In Silico Characterization of Hypothetical Protein AZJ53_10480 in Streptococcus pneumoniae
Nimra Hanif, Sehrish Arshad, Aqsa, Muhammad Asim, Amna Sadaqat Nadeem, Tanzeel Ur Rehman, Nimra Shafique, Raees Ahmad Khan, Moeez Manzor
Abstract
Background. Streptococcus pneumoniae is a major human pathogen responsible for serious infections such as pneumonia. Despite extensive research, many proteins in S. pneumoniae, including hypothetical proteins, remain uncharacterized, limiting the understanding of the bacterium's pathogenic mechanisms. Methods. This study utilizes in silico tools to characterize the hypothetical protein AZJ53_10480 from S. pneumoniae. Sequence alignment and phylogenetic analysis were conducted using BLASTp and ClustalW, while PSIPRED and I-TASSER predicted the protein’s secondary and tertiary structures. Molecular docking studies were performed with AutoDock Vina to assess potential interactions with the antiviral drug sofosbuvir Results. The in silico analysis revealed that the hypothetical protein AZJ53_10480 shares structural and functional similarities with viral capsid proteins of the hepatitis C virus. The protein was found to have a mixed localization, suggesting potential multifunctionality within the bacterial cell. Molecular docking studies indicated a strong binding affinity between AZJ53_10480 and sofosbuvir, suggesting that this protein could be a potential target for therapeutic intervention. Conclusion.

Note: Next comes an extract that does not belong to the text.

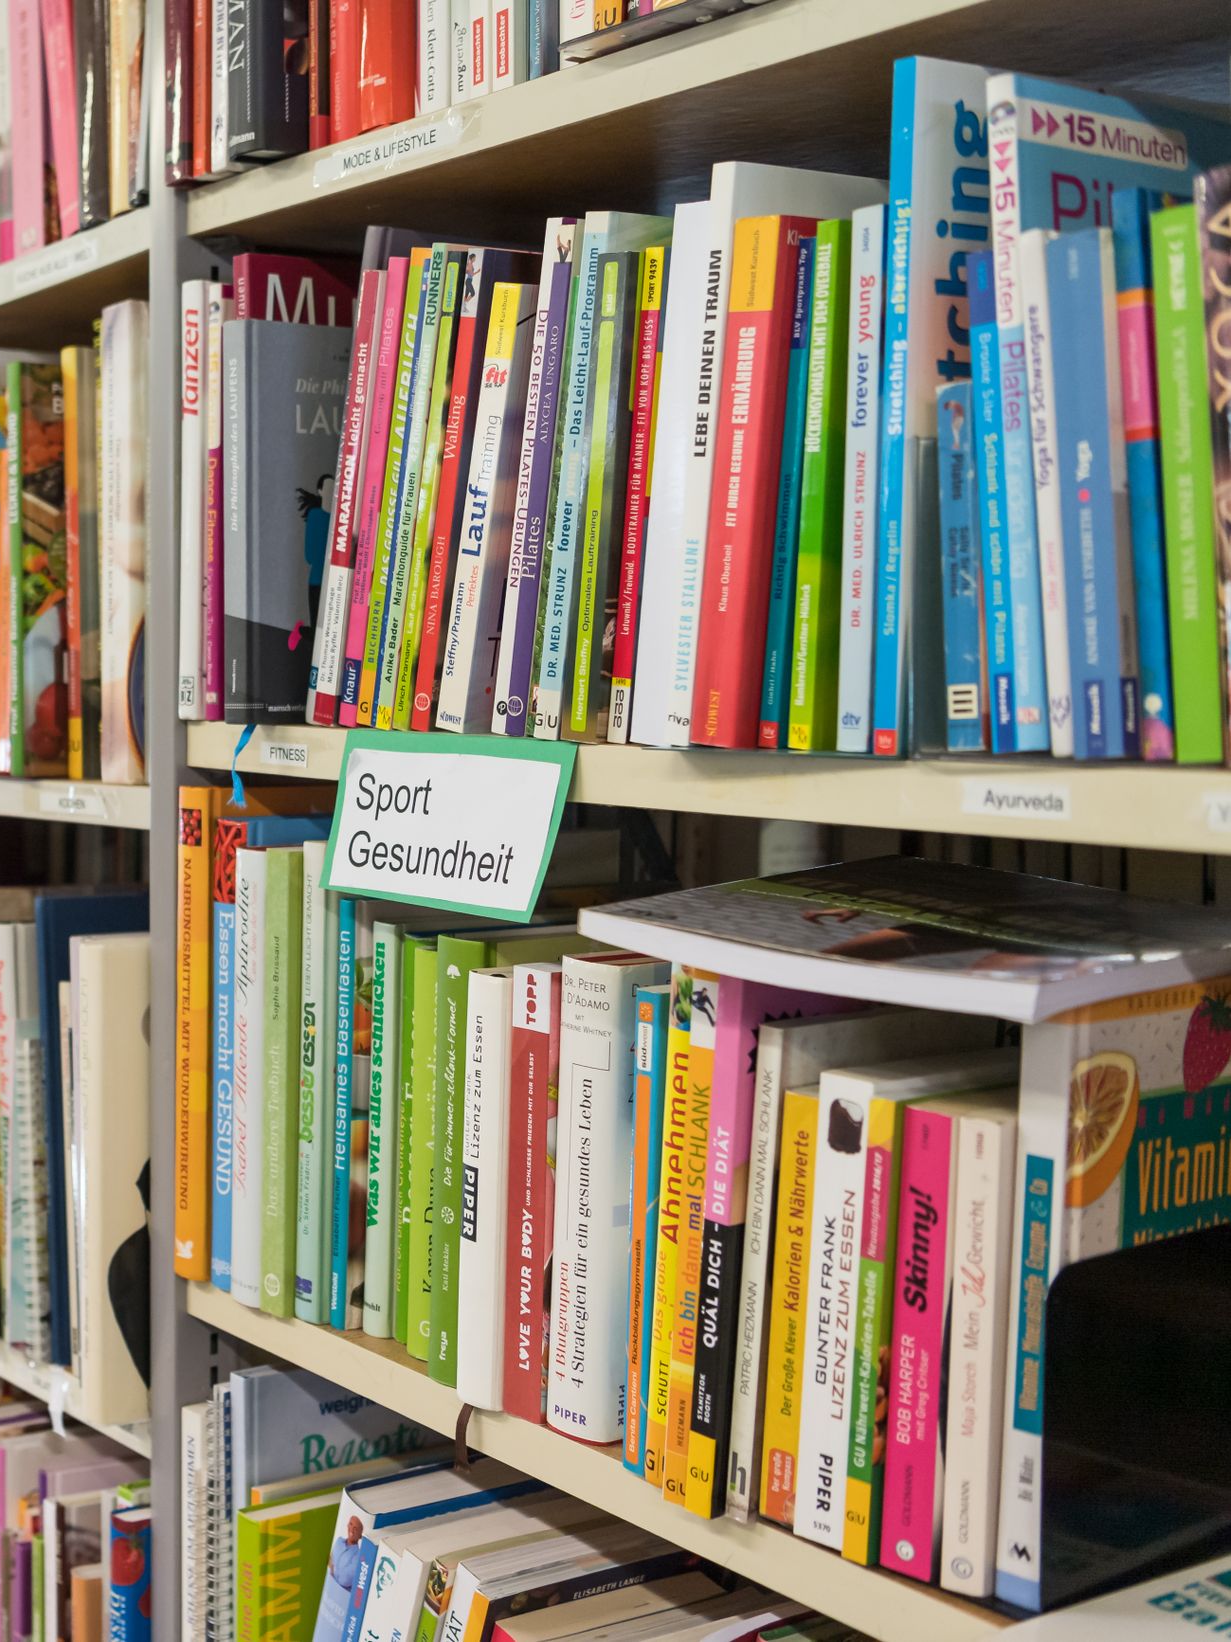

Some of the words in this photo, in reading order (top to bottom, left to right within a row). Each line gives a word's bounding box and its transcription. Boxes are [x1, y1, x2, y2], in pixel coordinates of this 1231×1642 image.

This study highlights structural properties and functional roles of hypothetical protein AZJ53_10480 in S. pneumoniae of . The findings suggest that AZJ53_10480 may play a role in the pathogenicity of this bacterium and could serve as a novel target for therapeutic development. Further experimental studies are needed to validate these findings and explore the protein's potential as a drug target. Highlights In silico analysis reveals structural similarities between the hypothetical protein AZJ53_10480 and viral capsid proteins. Docking studies suggest AZJ53_10480 as a potential target for antiviral drugs like sofosbuvir. The study provides new insights into the possible pathogenic role of hypothetical proteins in Streptococcus pneumoniae.